Mi estimada Alba: Después de cuatro meses "nos volvemos a ver". El señor Uricoechea jamás respondió ni volvió aparecer su blog, así que el comentario pasó al olvido. Sin embargo hace un par de semanas en el Informador, de Caracas,un autor, transcrito por Fundéu, respondió la inquietud de una redactora en el sentido de que un colega le critica el uso de "Patrocinante" a cambio de "Patrocinador" por el simple hecho de no aparecer en el DRAE. El autor le da la razón a la redactora asegurando que el hecho de no aparecer en en diccionario no lo valida como inexistente y agrega que su uso extensivo hará que aparezca en en DRAE. Me acordé de usted y de su afirmación en el sentido de que "a la luz de los conceptos actuales de la lingüística, en la que se ha reconocido el carácter activo o "vivo de la lengua" en la medida en que los hablantes son quienes le dan ese carácter". Afirmación a propósito de mi denuncia sobre el uso incorrecto que se le viene dando al verbo descrestar. Me pregunté, entonces, si existe parangón entre mi denuncia y la nueva palabra, por que mientras que "descrestar" figura en el DRAE como un colombianismo (Col.) de significado inequívoco al que no se le debe dar un significado equívoco (por ej.:asombrar, maravillar v.s. engañar), "patrocinante" no es totalmente equívoco respecto a "patrocinador". Es un al parecer emergente participio activo de "patrocinar" que seguramente por su empleo extensivo será considerado por el capítulo de la Lengua de Venezuela para ser incluído en el DRAE, con la aclaración de que es de uso en Ven. así como "descrestar" es de uso en Col.
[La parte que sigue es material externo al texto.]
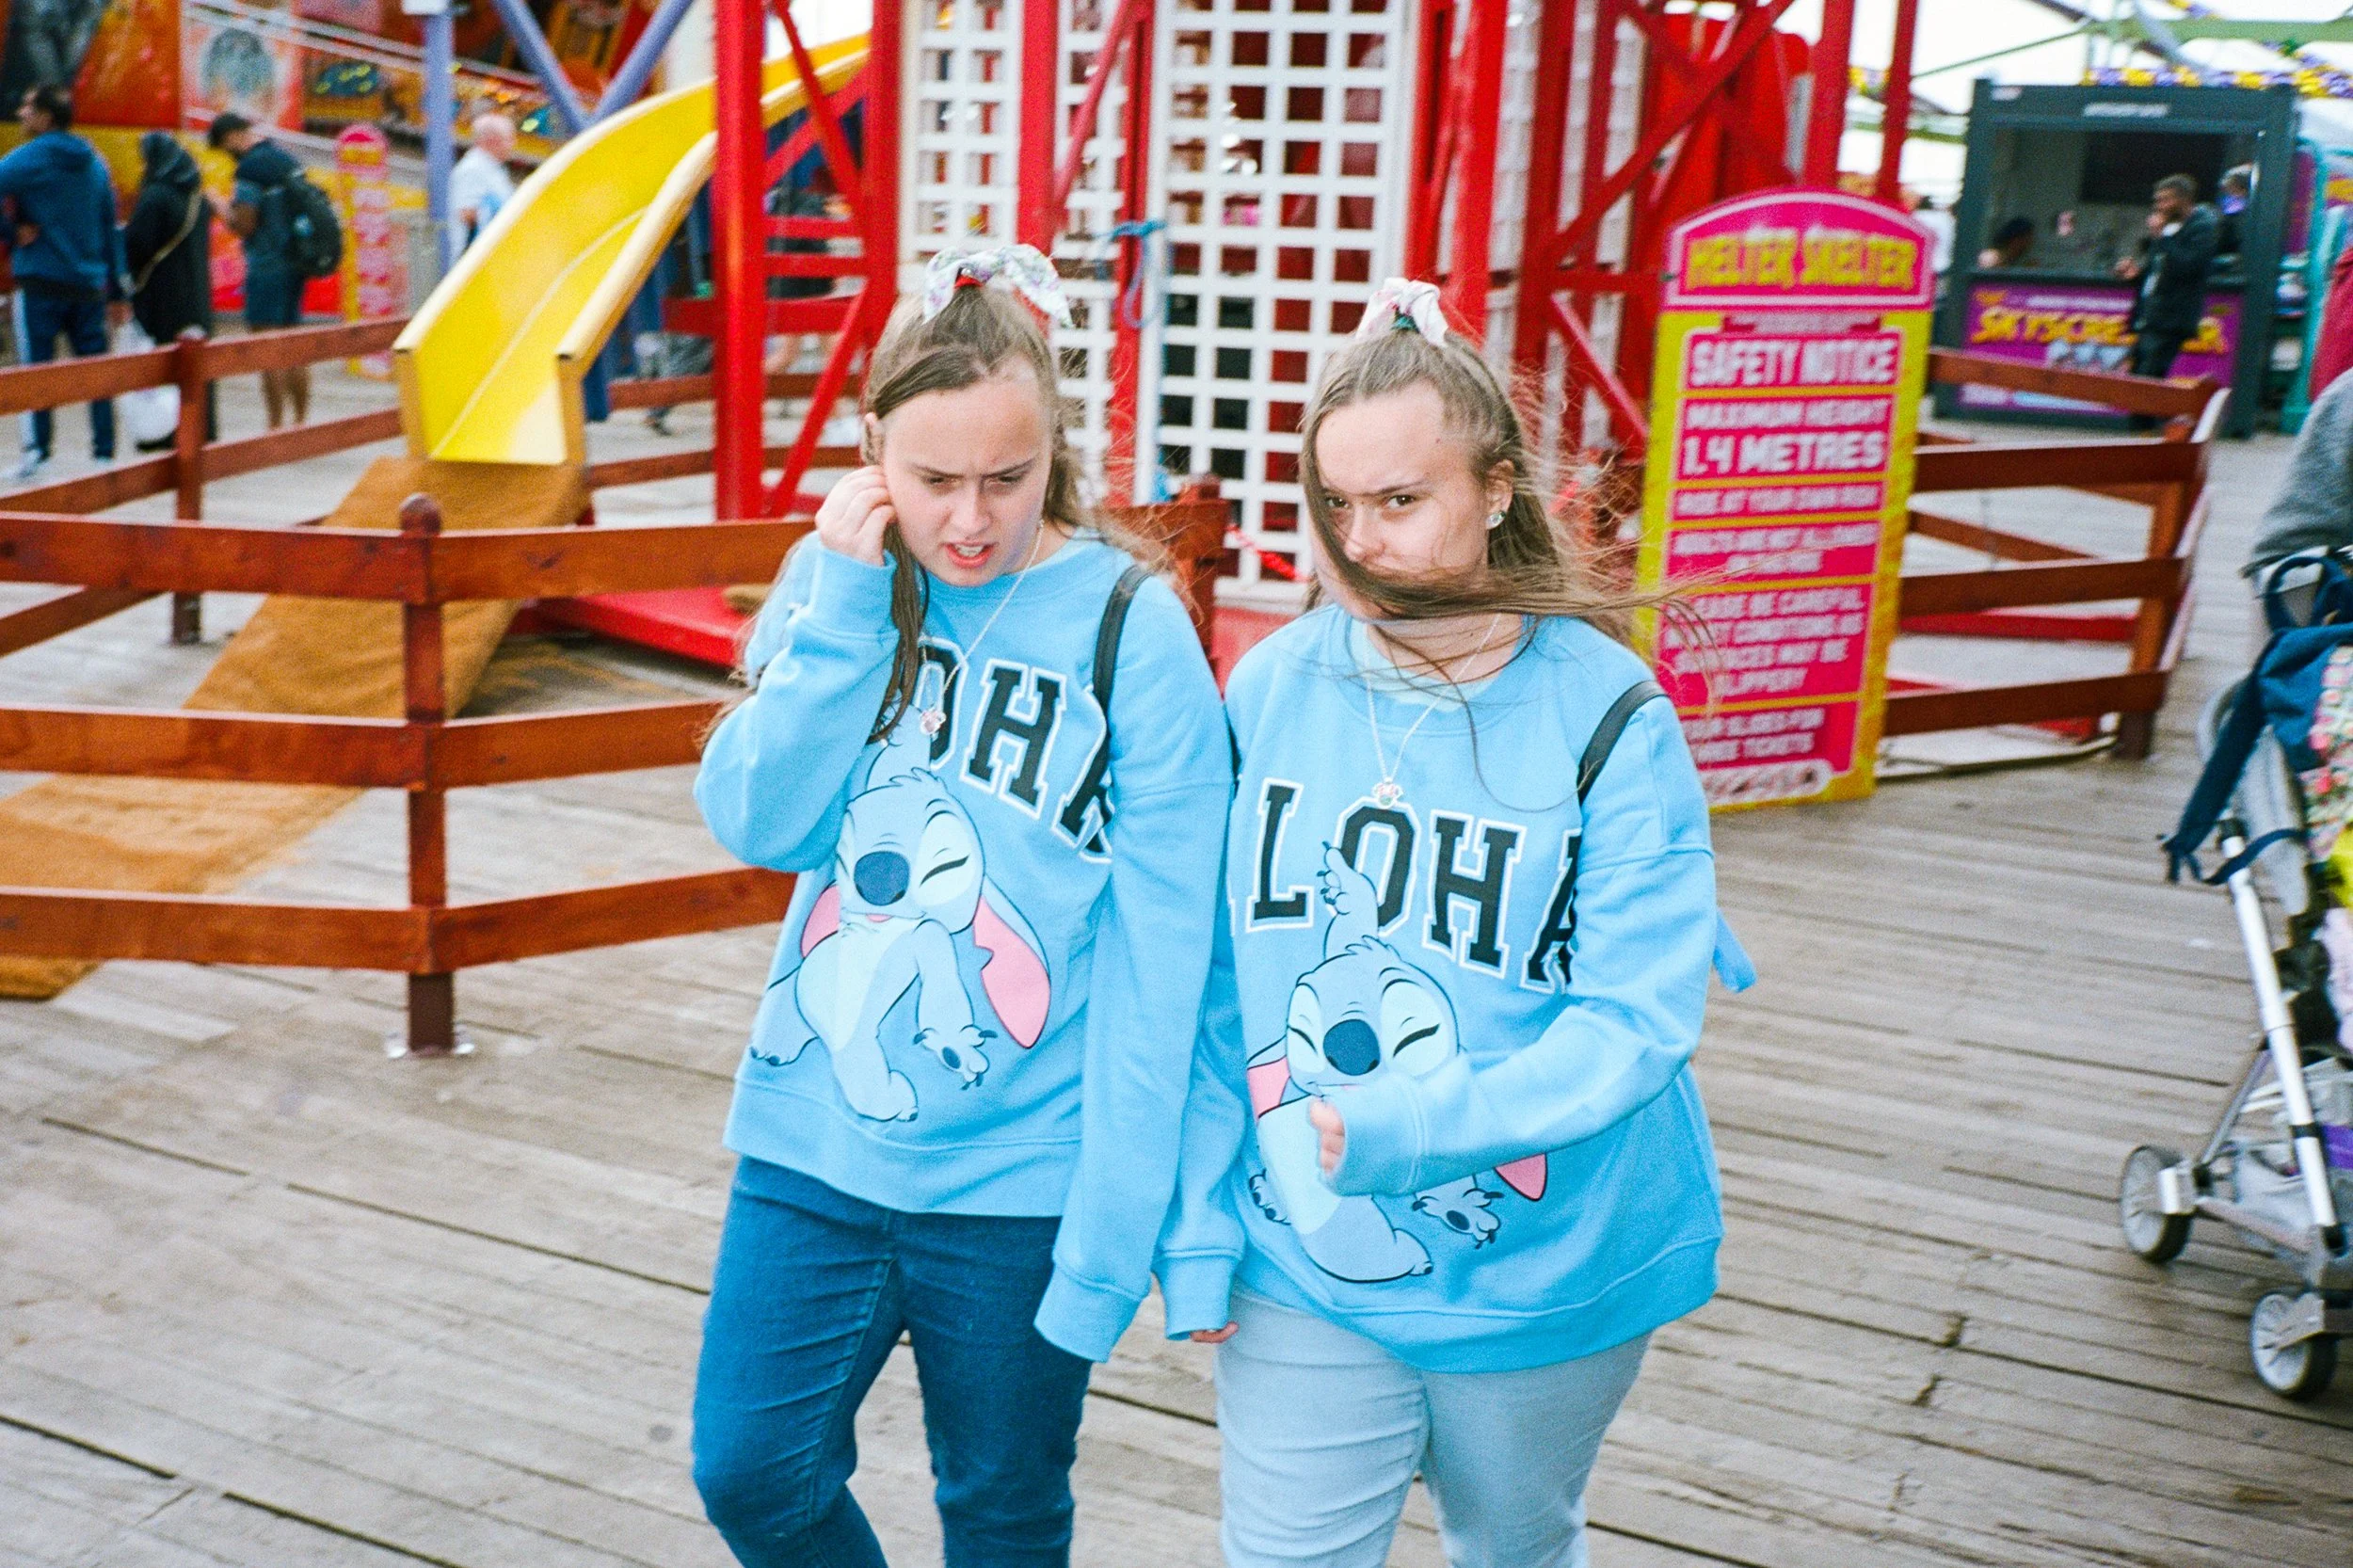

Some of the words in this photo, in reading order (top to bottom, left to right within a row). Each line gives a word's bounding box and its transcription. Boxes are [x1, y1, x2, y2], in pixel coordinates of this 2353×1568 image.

[1690, 340, 1801, 387] SAFETY
[1799, 339, 1897, 384] NOTICE
[1738, 431, 1884, 472] METRES
[911, 634, 1118, 864] OHA
[1226, 776, 1584, 996] LOHA
Acepto el carácter vivo de la Lengua en cuanto a la introducción del nuevo participio "patrocinante" por lo ya dicho; pero que a "descrestar" se le avive una nueva acepción de sentido contrario al aceptado y de uso en Colombia, no me cabe en la cabeza por que se presta a confusión.
El articulista ilustra su afirmación del buen uso dando ejemplo de participios activos terminados en -mente, con un largo etcétera, que posiblemente no figuran en el DRAE y que aparentan ser correctos según su intención. Pero yo, humilde lego y aficionado, aún no me convenzo del todo. Por simple ejercicio busqué caminante (Que camina) y encontré además caminador (Que camina mucho)y por inquieta semejanza me dije: Patrocinante: Que patrocina; patrocinador: Que patrocina mucho.
De otro lado, el mismo articulista cita como ejemplo válido "edificar" como verbo que tiene el participio activo "edificante", pero comete el error de ejemplarizarlo como participio siendo que es ADJETIVO y por consiguiente con significado diametral al del verbo que pretende participar. Así, pues, la discusión continúa en favor de mantener la pureza de nuestro lenguaje lejos de la fácil tentación de contaminarla con los usos incorrectos especialmente por nuestros colegas que usualmente se convierten en repetidores de expresiones y muletillas más por esnobismo que por originalidad.
El artículo citado puede encontrarlo en sitio web de Fundéu, sección Artículos de Interés, La palabra: Patrocinante.